My point in raising these qualms is simply to point out that while Brian McLaren has developed a reputation as being a theological go-to person, largely because he of his openness and approachability, he lacks that discipline that would help him deal with some of the complexity of questions that have long bedeviled theologians. For this review, I’ll skip the theological and focus on the liturgical.   It seemed to me as one who grew up with lectionary and liturgical year that there was a lack of awareness about how the liturgical year is laid out and what is intended by it.  He offered reformulations of the calendar that seemed at odds with the intent of the season, and seemed unaware that some of the themes he sought to lift up were addressed in seasons like Epiphany and the post-Pentecost season.  Although I found his discussion of the Lord’s Supper very helpful – and similar to my own – I was less satisfied with his presentation on baptism.  He goes into great detail on how John the Baptist reformulated the Jewish understandings of the various washings, but neglects to address Paul’s discussion of baptism in Romans 6 and Galatians 3, where Paul defines baptism in terms of identifying one’s self with Christ and how this identification affects our social relationships.  I think this would have been a more fruitful effort, and would have allowed him to steer away from what seemed to me statements that seemed to fall into the trap of defining Judaism as a legalistic religion. 

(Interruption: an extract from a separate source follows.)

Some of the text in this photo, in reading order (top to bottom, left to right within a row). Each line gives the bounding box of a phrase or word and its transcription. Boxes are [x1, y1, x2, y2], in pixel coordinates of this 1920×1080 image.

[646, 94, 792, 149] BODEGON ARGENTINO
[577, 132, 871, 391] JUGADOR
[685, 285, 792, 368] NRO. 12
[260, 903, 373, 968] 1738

So, what should we make of this book?  I believe that the message inherent in this book is one we must all address.  Like Brian McLaren I believe that the most fruitful interfaith, -- or even better, multi-faith -- conversations take place when we’re willing to address not only similarities, but inherent differences, especially concerning our visions of God.  While it’s much easier to talk about God with Jews and Muslims if you’re a Christian, than with Hindus or Buddhists, this latter conversation is an important one to undertake.  These kinds of conversations can be fruitful if they allow us to learn about and respect the other tradition, but also if we allow ourselves to be critiqued by the other.  Sometimes the voice of the other calls us to more fully embody the tradition we profess.  McLaren makes this point very clearly in the closing chapter when he points to Gandhi’s advice to Christians -- that Christians should live more like Jesus, that they should practice their religion without “toning it down.” That Christians should follow Jesus’ emphasis on love, which Gandhi believes was the soul of Christianity, and finally, that we would benefit from studying other faiths with greater sympathy. These are good words.

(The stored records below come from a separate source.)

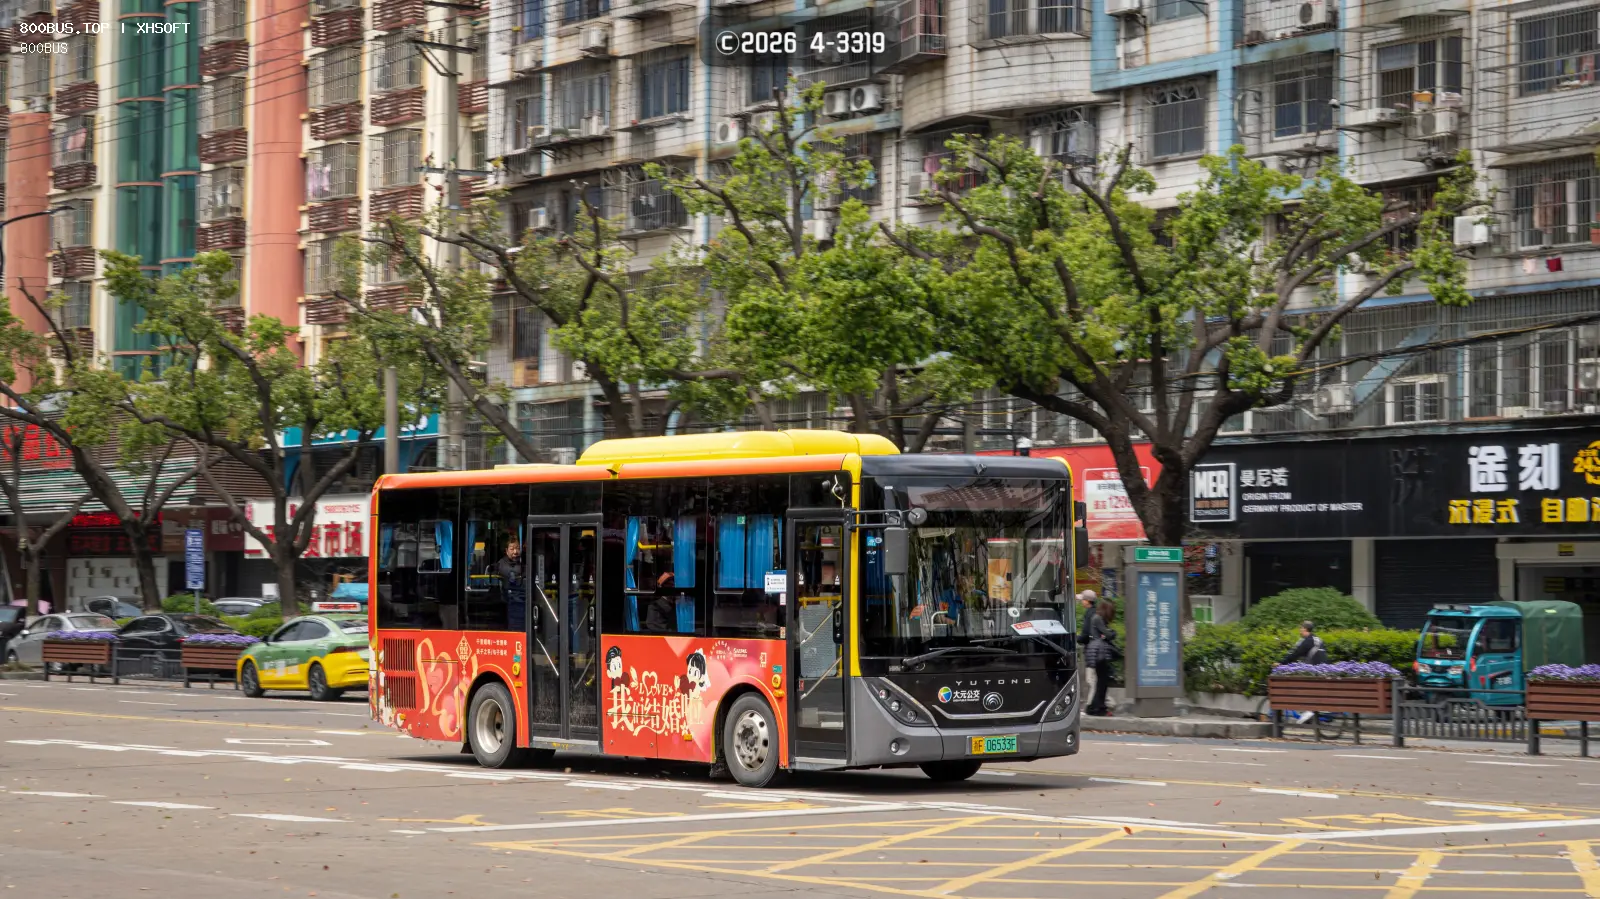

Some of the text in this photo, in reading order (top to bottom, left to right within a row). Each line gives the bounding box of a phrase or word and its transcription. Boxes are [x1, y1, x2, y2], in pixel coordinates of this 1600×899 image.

[1240, 467, 1289, 487] 曼尼诺
[1194, 470, 1229, 498] MER
[1242, 492, 1292, 501] ORIGIN FROM
[1242, 502, 1363, 513] GERMANY PRODUCT OF MASTER
[1448, 498, 1519, 524] 沉浸式
[956, 678, 1031, 686] YUTONG
[953, 689, 981, 699] 大元公交
[986, 738, 1016, 752] 06533F

In the end, despite my occasional frustration while reading through the middle of the book, I do think that this is an important book to read.  My suggestion is that this book be read in tandem with other sources, such as Eboo Patel’s Sacred Ground (Beacon, 2012) and Amos Yong’s Hospitality and the Other (Orbis, 2008), which seek to do something very similar.  If we do this, perhaps we will find ways of living more peaceably with our neighbors as well as more fully live into our own faith tradition. That is:

We can stand our ground here on our opposite corners and defend the frigid distance between us.  Or we can cross the road.  With outstretched hands, smiling faces, and open hearts, we can move toward one another, meet in the middle, and walk side by side beyond the limits of our suspicious, segregated spaces.  We can reject the mutual hostility by which we have defined ourselves, respect the different gifts we bring one another, and inject fresh hop into the global human situation through the unexpected factor of human kindness. (p. 272).   

Yes, we have a choice -- we can work together for the common good or go our separate ways and defend our turf.  We can choose hostility or hospitality.  In Brian McLaren's vision, Jesus crosses the road and joins his colleagues, and so should we.  I like that vision.